Once a democratic system was in place, Swedish conservatives sought to combine traditional elitism with modern populism. Sweden's most renowned political scientist, the conservative politician Rudolf Kjellén, coined the terms geopolitics and biopolitics in relation to his organic theory of the state. He also developed the corporatist-nationalist concept of Folkhemmet ('the people's home'), which became the single most powerful political concept in Sweden throughout the 20th century, although it was adopted by the Social Democratic Party who gave it a more socialist interpretation.

=== World War II ===
During World War II, all parties from Left to Right, with the exception of the Communist Party, formed a grand coalition in the Hansson III cabinet. Around 3000 people, mostly communists, were deemed enemies of the state and sent to concentration camps during the war.

=== Post-war era ===
In the post-war era, the centre-right parties struggled to cooperate due to their ideological differences: the agrarian populism of the Centre Party, the urban liberalism of the Liberal People's Party, and the liberal-conservative elitism of the Moderate Party (the old Conservative Party). Furthermore, the Social Democrats became very popular at this time as a major centre-left party, but as it moved further to the left under Olof Palme it disenchanted many of its previous voters. In 1976 and in 1979, the three centre-right parties formed a government under Thorbjörn Fälldin—and again in 1991 under aristocrat Carl Bildt and with support from the newly founded Christian Democrats, the most conservative party in contemporary Sweden.

=== Contemporary politics ===
In modern times, mass immigration from distant cultures caused a large populist dissatisfaction, which was not channeled through any of the established parties, who generally espoused multiculturalism. Instead, the 2010s saw the rise of the right-wing populist Sweden Democrats, who were surging as the largest party in the polls on several occasions. Due to its fascist roots, the party was ostracised by the other parties until 2019 when Christian Democrat leader Ebba Busch reached out for collaboration, after which the Moderate Party followed suit. In 2022, the centre-right parties formed a government with support from the Sweden Democrats as the largest party. The subsequent Tidö Agreement, negotiated in Tidö Castle, incorporated authoritarian policies such as a stricter stance on immigration and a harsher stance on law and order.

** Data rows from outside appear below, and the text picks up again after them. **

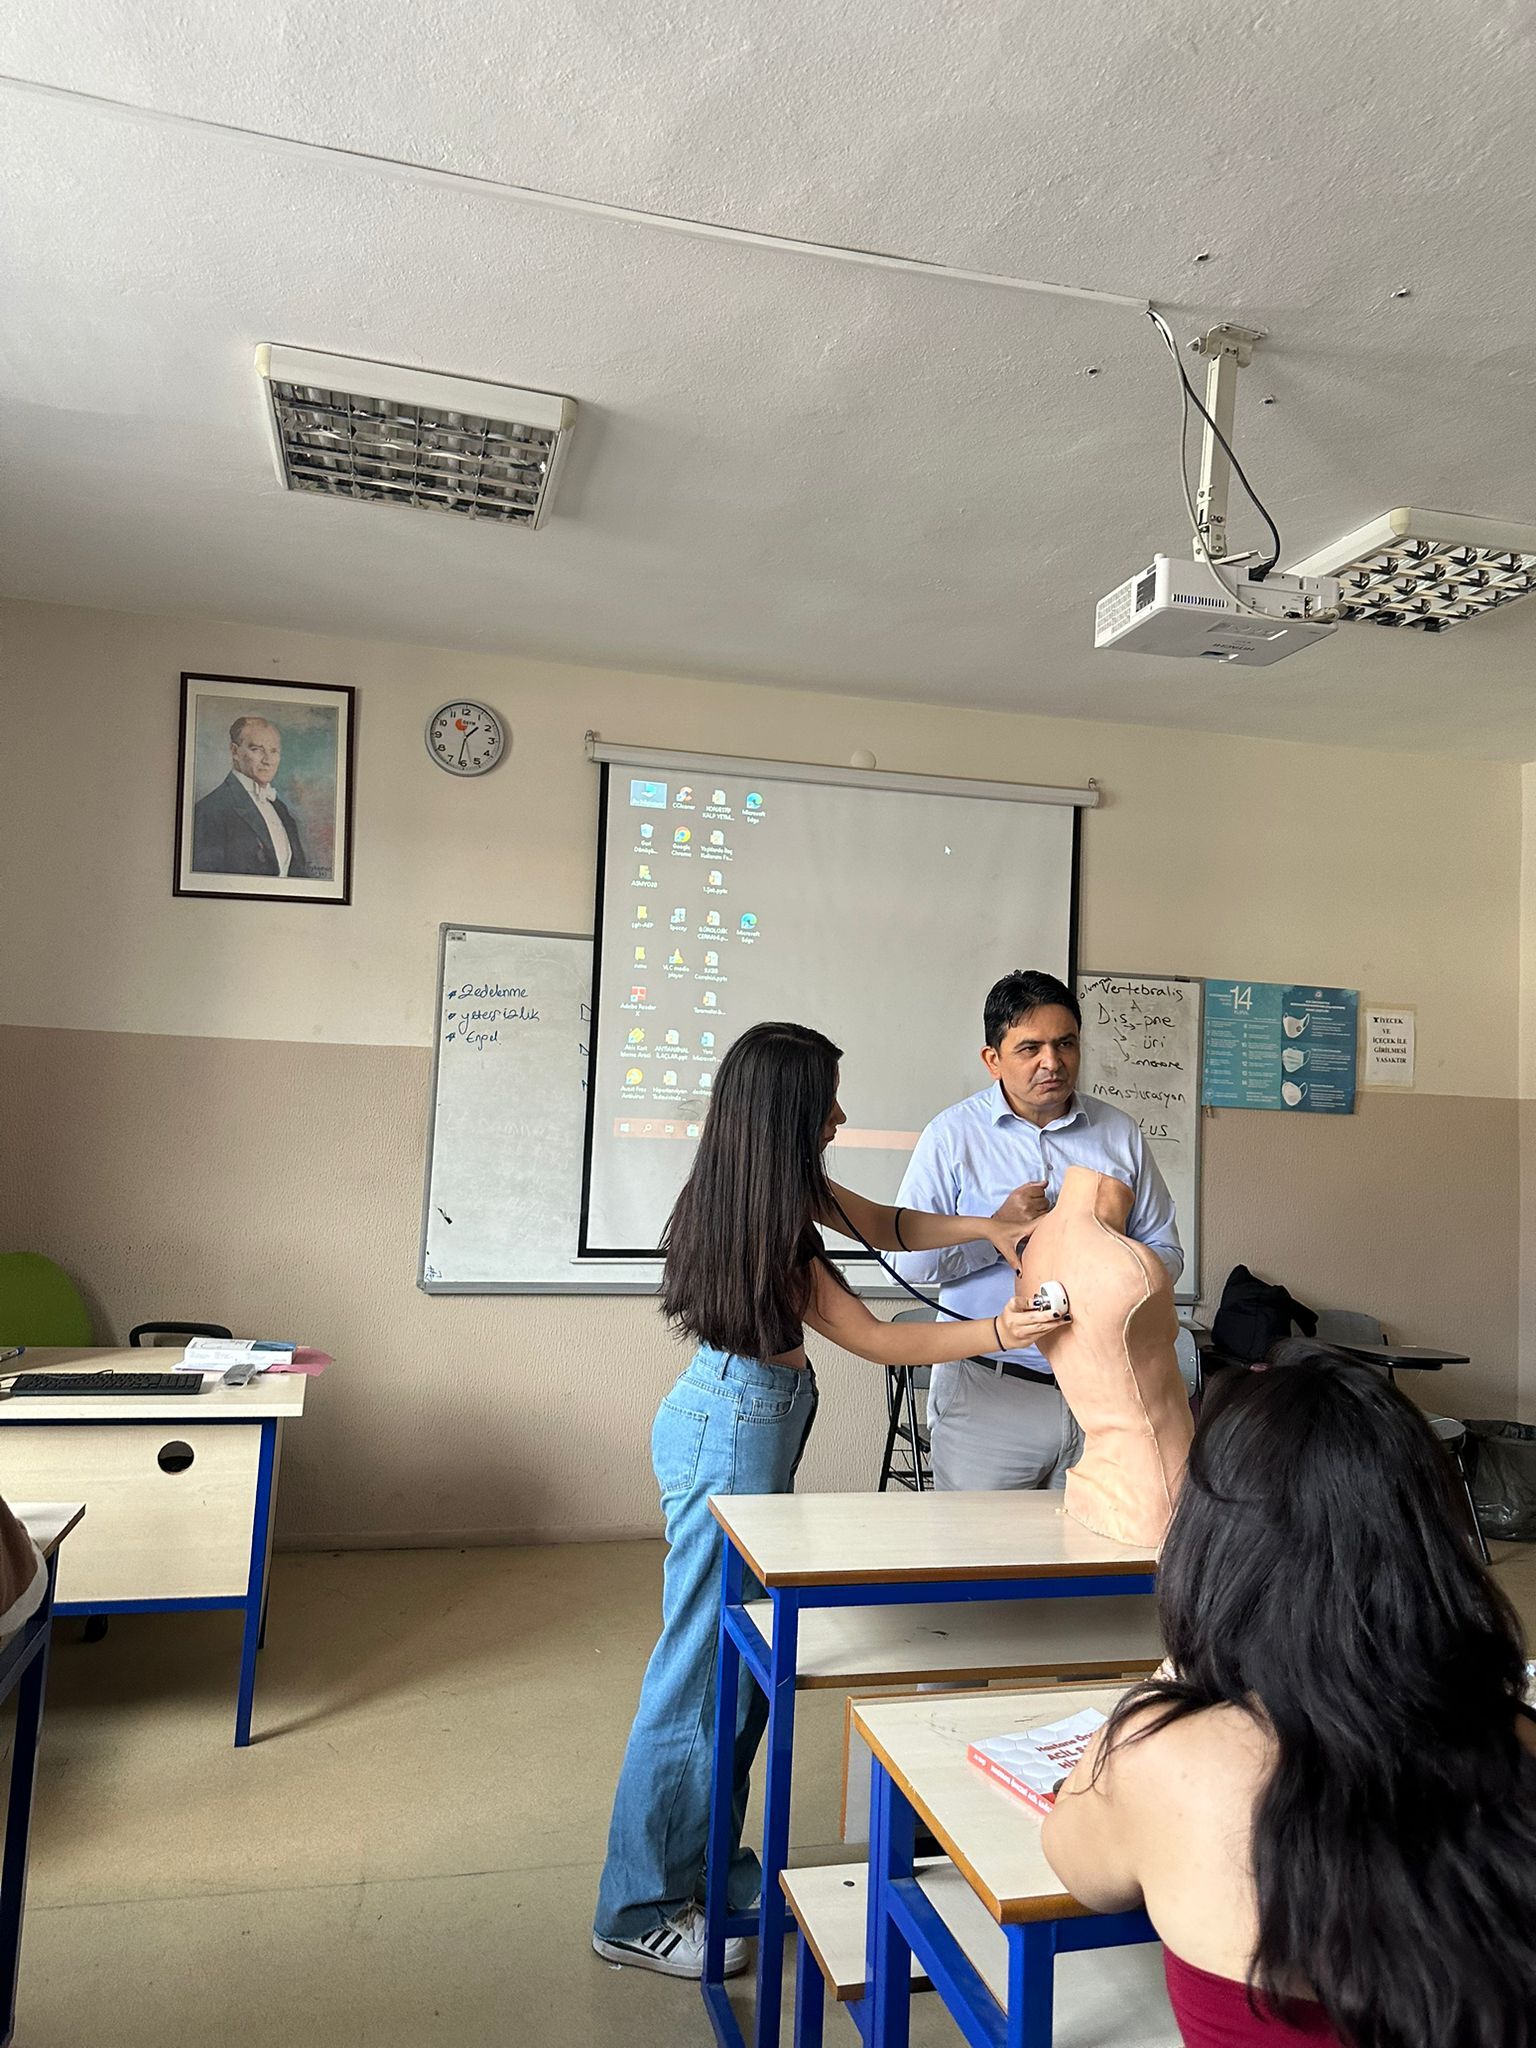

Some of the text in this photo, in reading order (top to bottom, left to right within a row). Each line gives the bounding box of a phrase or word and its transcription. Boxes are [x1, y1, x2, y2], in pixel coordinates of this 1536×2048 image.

[462, 708, 471, 716] 12
[440, 719, 448, 727] 10
[488, 737, 495, 745] 3
[447, 754, 454, 762] 7
[460, 760, 467, 768] 6
[741, 809, 766, 817] Microsoft
[747, 816, 760, 825] Edge
[672, 842, 691, 851] Google
[736, 929, 761, 938] Microsoft
[741, 937, 754, 945] Edge
[1101, 982, 1184, 1002] Vertebralis
[1230, 985, 1253, 1010] 14
[1035, 1739, 1077, 1752] Hastane
[1047, 1749, 1079, 1761] ACİL
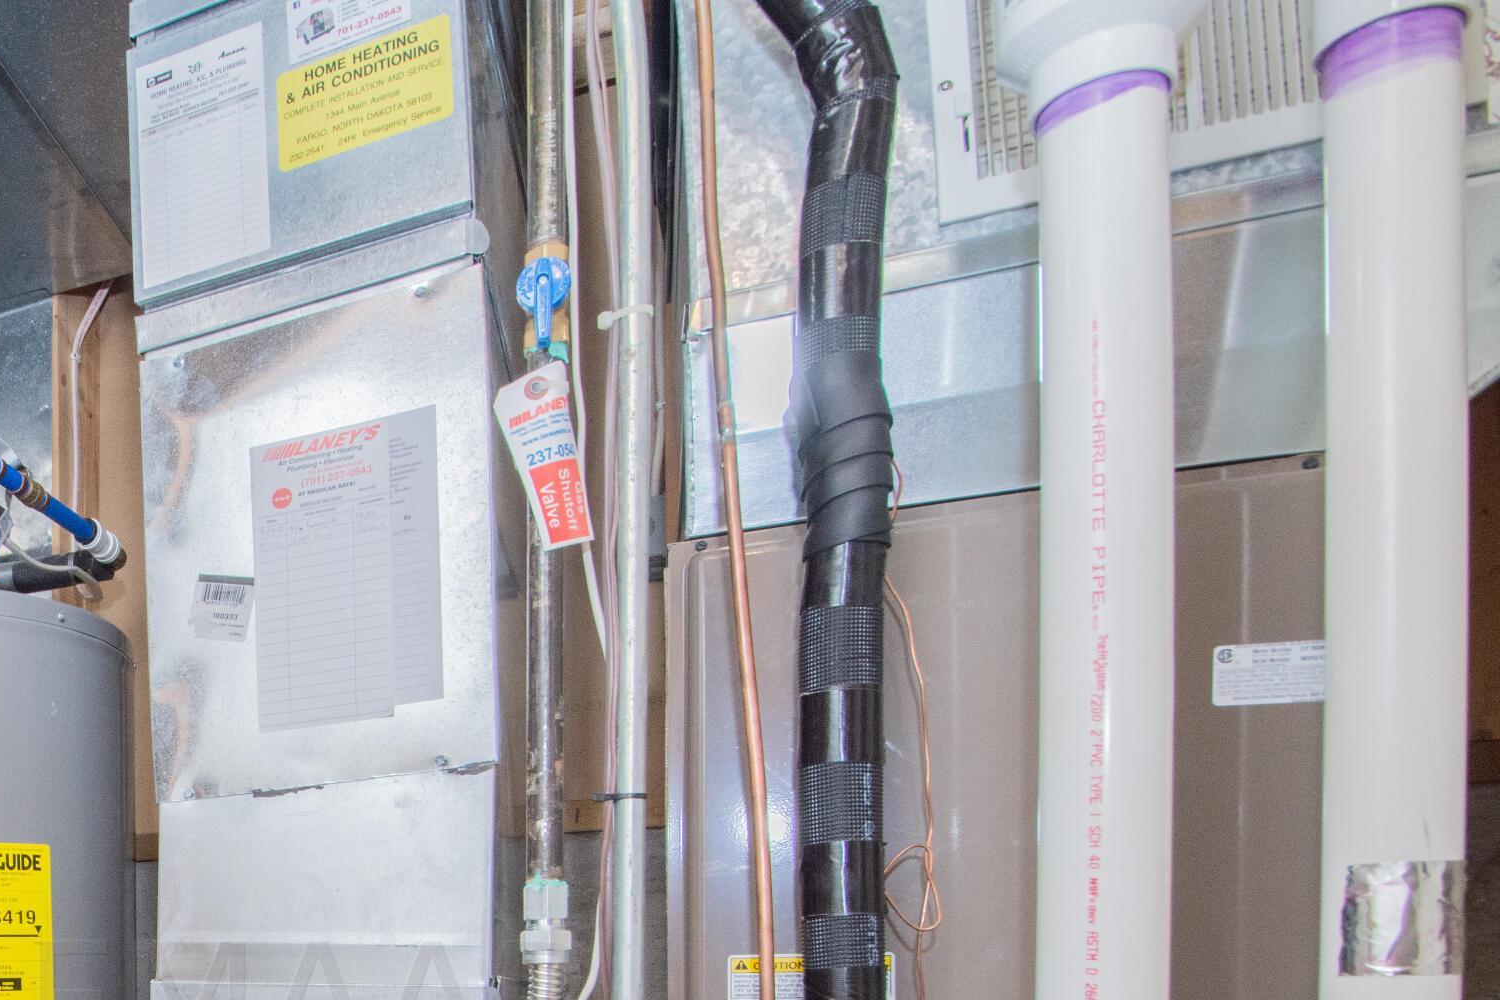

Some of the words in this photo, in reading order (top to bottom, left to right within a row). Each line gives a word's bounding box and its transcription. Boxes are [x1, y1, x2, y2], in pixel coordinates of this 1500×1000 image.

[336, 5, 402, 36] 701-237-0543
[286, 93, 295, 104] &
[301, 81, 326, 99] AIR
[332, 40, 440, 88] CONDITIONING
[304, 58, 346, 82] HOME
[353, 32, 419, 64] HEATING
[284, 100, 325, 120] COMPLETE
[329, 80, 384, 105] INSTALLATION
[388, 73, 404, 83] AND
[408, 57, 443, 77] SERVICE
[326, 108, 344, 120] 1344
[348, 101, 368, 113] Main
[371, 89, 401, 104] Avenue
[332, 115, 364, 132] NORTH
[367, 103, 404, 121] DAKOTA
[407, 92, 432, 107] 58103
[289, 145, 325, 162] 232-2541
[362, 119, 408, 138] Emergency
[411, 106, 443, 121] Service
[293, 423, 381, 456] LANEY'S
[278, 459, 287, 467] Air
[289, 450, 332, 466] Conditioning
[337, 444, 363, 456] Heating
[287, 460, 318, 473] Plumbing
[323, 454, 356, 466] Electrical
[1091, 399, 1106, 532] CHARLOTTE
[301, 475, 325, 489] (701)
[328, 465, 373, 483] 237-0543
[539, 482, 561, 530] Valve
[558, 468, 578, 532] Shutoff
[574, 482, 585, 514] Gas
[1091, 545, 1106, 604] PIPE
[1090, 693, 1103, 722] 7200
[1088, 775, 1103, 804] TYPE
[1088, 826, 1102, 850] SCH
[1088, 854, 1101, 870] 40
[1086, 931, 1100, 962] ASTM
[753, 959, 805, 970] CUTION
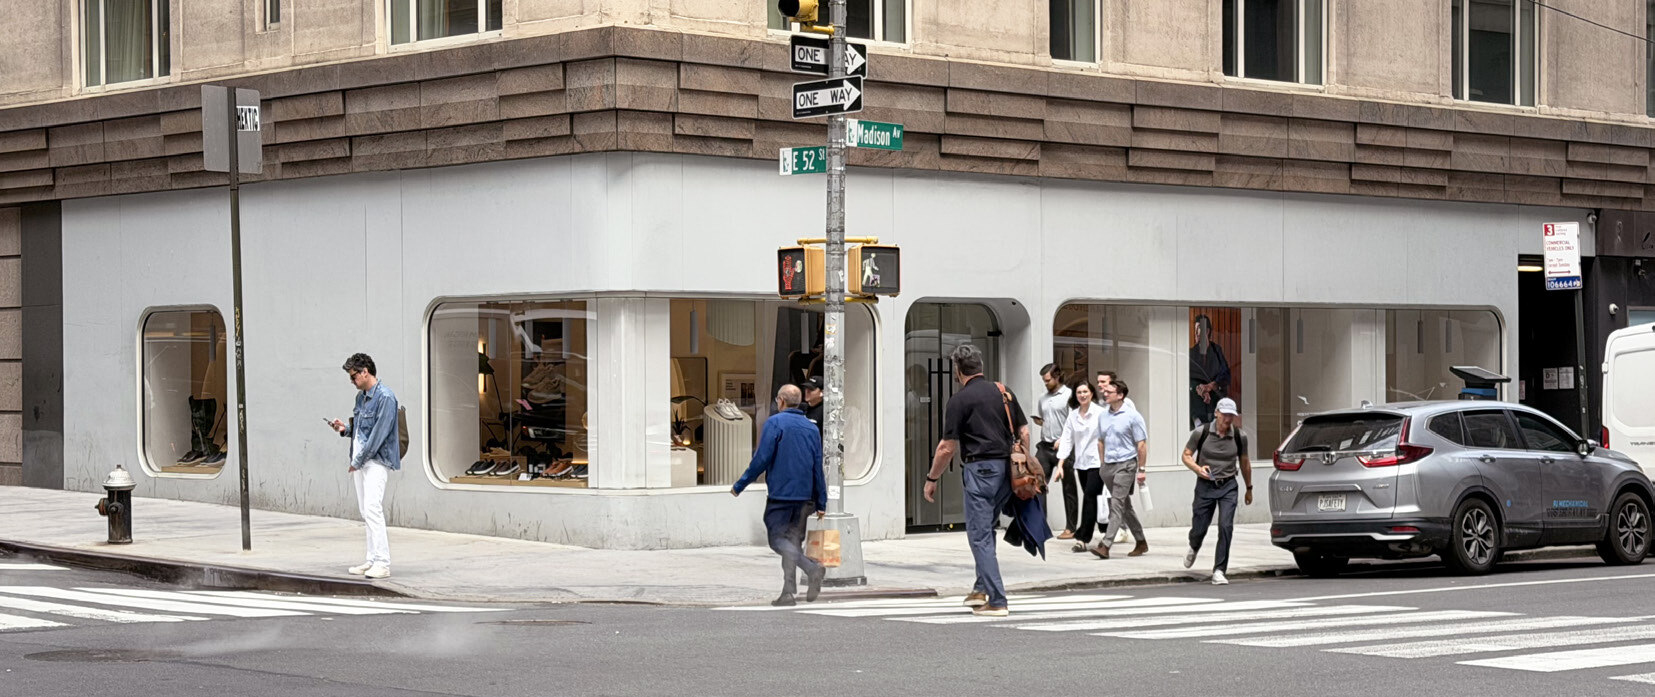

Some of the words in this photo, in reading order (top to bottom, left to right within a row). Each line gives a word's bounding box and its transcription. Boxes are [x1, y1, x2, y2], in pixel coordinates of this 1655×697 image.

[798, 47, 820, 62] ONE
[845, 53, 857, 66] AY
[799, 92, 819, 107] ONE
[830, 87, 853, 103] WAY
[857, 123, 890, 147] Madison
[892, 126, 901, 139] Av
[793, 151, 799, 171] E
[802, 150, 815, 171] 52
[818, 148, 826, 161] St
[1547, 225, 1553, 235] 3
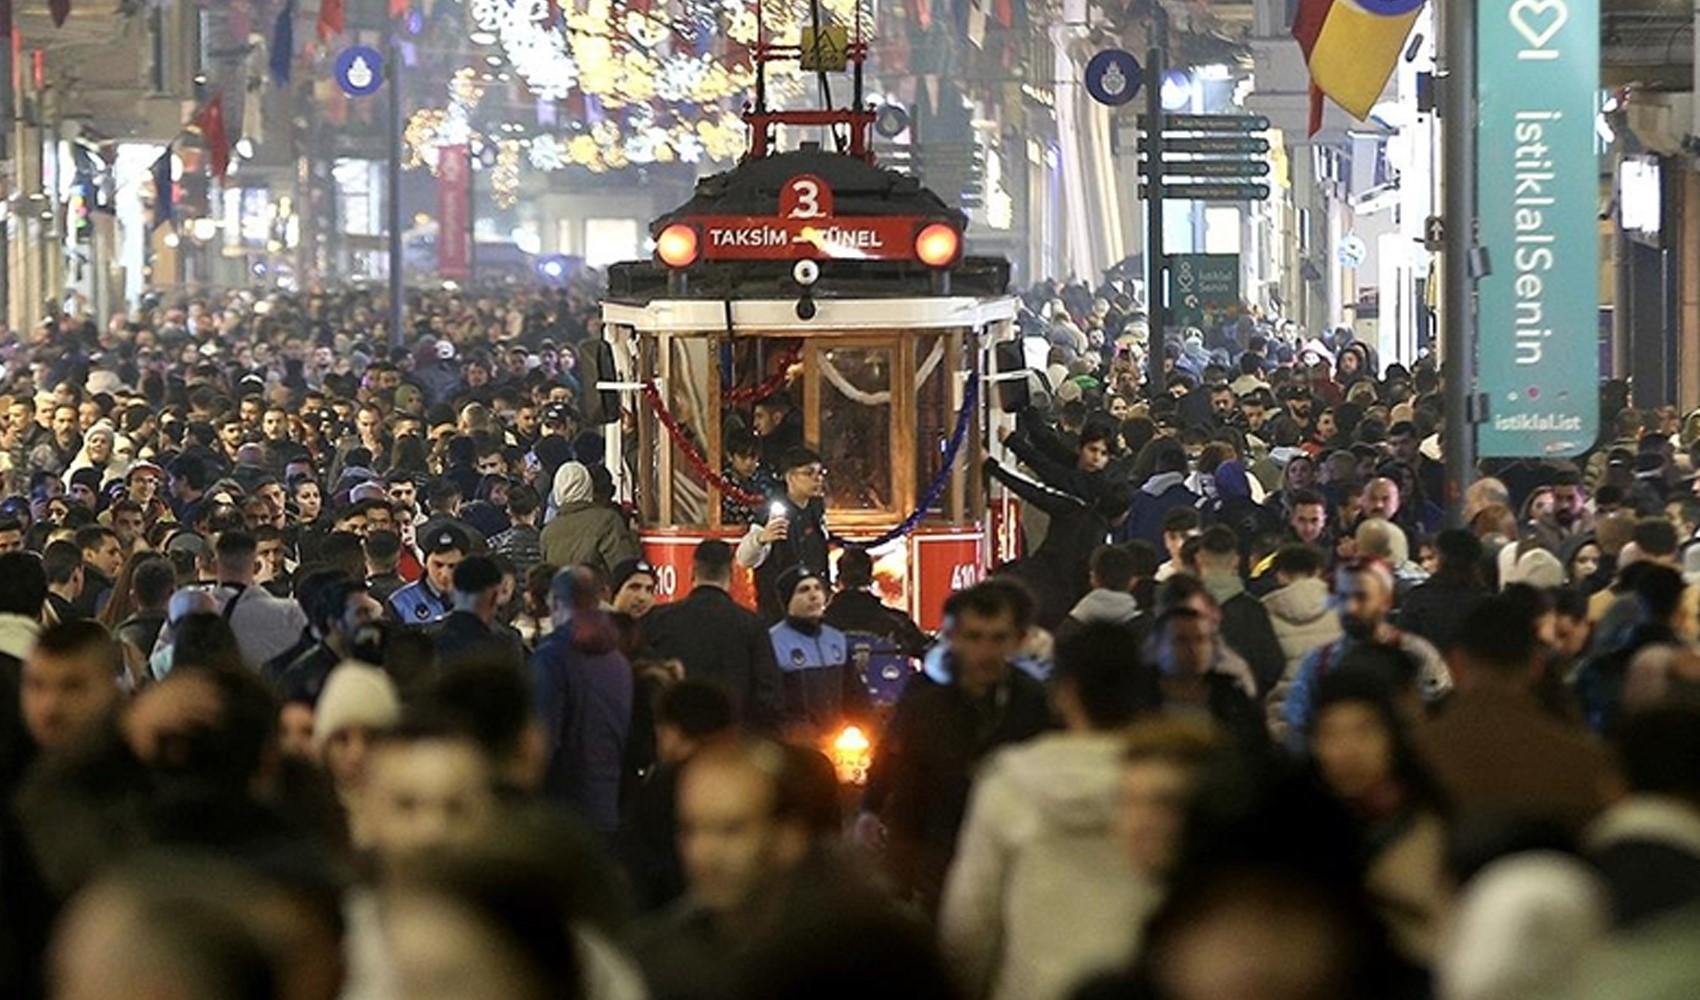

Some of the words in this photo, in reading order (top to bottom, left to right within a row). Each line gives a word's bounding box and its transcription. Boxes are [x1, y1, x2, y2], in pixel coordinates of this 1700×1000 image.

[792, 181, 819, 219] 3
[710, 225, 787, 246] TAKSİM
[817, 226, 883, 247] TÜNEL

The late 2010s also saw the emergence of new smaller conservative parties such as Alternative for Sweden and Citizens' Coalition. A new conservative think-tank, Oikos, was founded by Sweden Democrat Mattias Karlsson in 2020.

A resurgence of interest in conservatism has been particularly notable among the younger generation. In the 2022 school elections in Sweden, in which 80% percent of all Swedish teenagers participated, 9% voted for left-wing parties, 21% voted for centre-left parties, 8% voted for a centrist party, 41% voted for centre-right parties, and 21% voted for a right-wing party.